Writ of habeas corpus relief extends to a person in custody under the authority of the United States. See 28 U.S.C. § 2241. While a federal prisoner who wishes to challenge the validity or constitutionality of his conviction must bring a petition for writ of habeas corpus pursuant to 28 U.S.C. § 2255, a petitioner challenging the manner, location, or conditions of that sentence's execution must bring a petition for writ of habeas corpus under 28 U.S.C. § 2241. See, e.g., Brown v. United States, 610 F.2d 672, 677 (9th Cir. 1990); Capaldi v. Pontesso, 135 F.3d 1122, 1123 (6th Cir. 1998); Kingsley v. Bureau of Prisons, 937 F.2d 26, 30 n.5 (2nd Cir. 1991); United States v. Jalili, 925 F.2d 889, 893-94 (6th Cir. 1991). In this circuit, unlike § 2254 the habeas remedy of § 2241 is not restricted to claims involving only the fact or duration of confinement; rather, it is available for claims concerning the manner of execution of a sentence. See, e.g., Rodriguez v. Smith, 541 F.3d 1180 (9th Cir. 2008) (a statutory challenge to the BOP's failure to transfer an inmate to a residential reentry center was considered pursuant to § 2241 without a discussion of jurisdiction); United States v.

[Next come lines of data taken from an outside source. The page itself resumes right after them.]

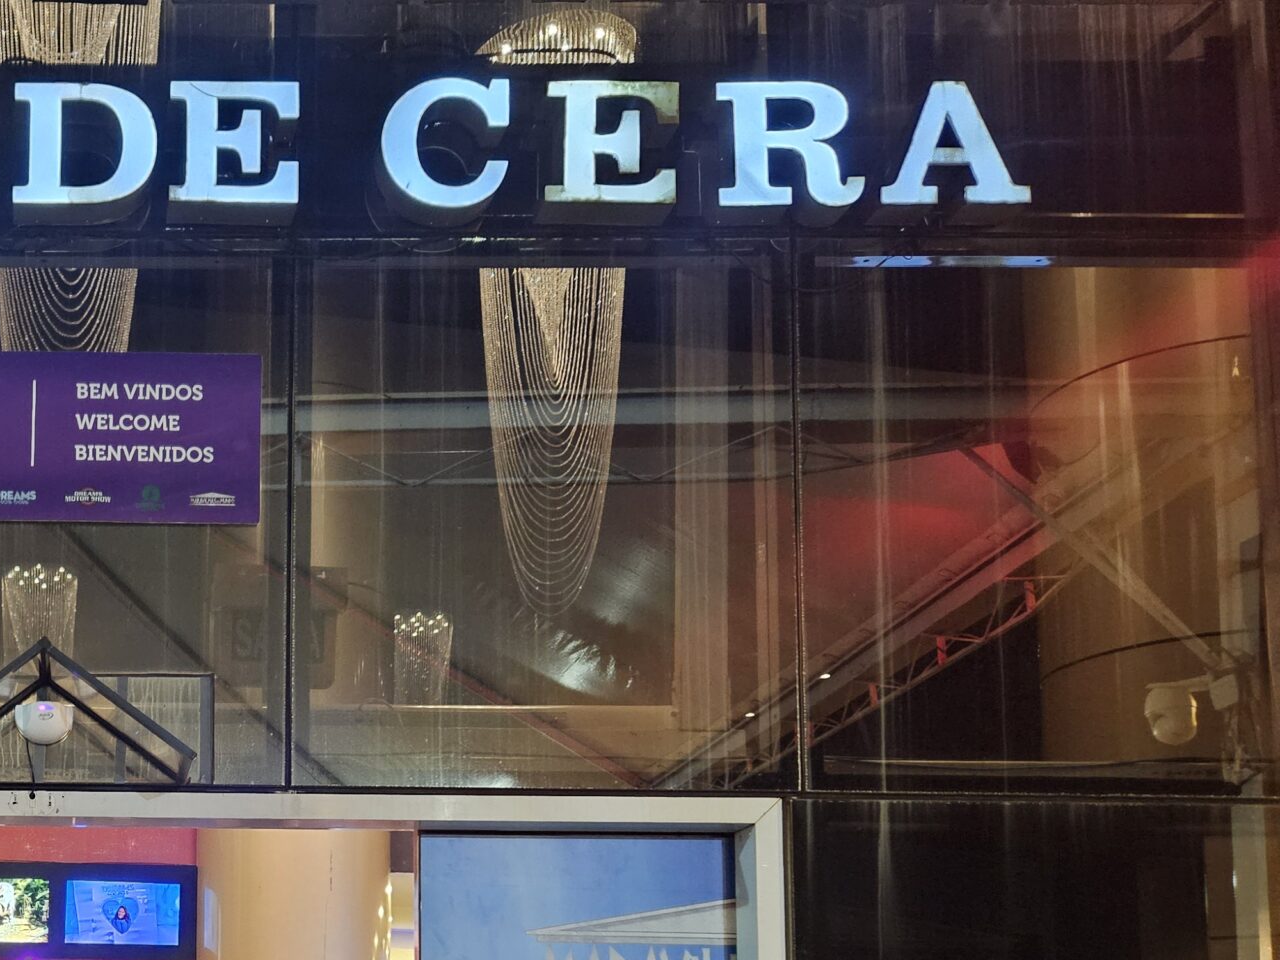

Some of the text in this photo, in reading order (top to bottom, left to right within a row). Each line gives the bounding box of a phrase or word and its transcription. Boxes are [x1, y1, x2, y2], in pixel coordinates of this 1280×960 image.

[11, 79, 302, 207] DE
[380, 76, 1033, 211] CERA
[75, 383, 204, 402] BEM VINDOS
[75, 413, 180, 432] WELCOME
[74, 444, 215, 464] BIENVENIDOS

Lemoine, 546 F.3d 1042 (9th Cir. 2008) (a challenge on constitutional and statutory grounds to the BOP's requirement that an inmate pay restitution at a higher rate than the sentencing court had ordered was considered pursuant to § 2241 without a discussion of jurisdiction); Montano-Figueroa v. Crabtree, 162 F.3d 548, 549-50 (9th Cir. 1998) (a challenge on constitutional and statutory grounds to the BOP's program for determining the amount and timing of payment by inmates of court-ordered fines was considered pursuant to § 2241 without a discussion of jurisdiction). Accordingly, § 2241 may be used to challenge the execution of a prisoner's sentence, even where the prisoner does not seek release or to shorten the duration of his confinement.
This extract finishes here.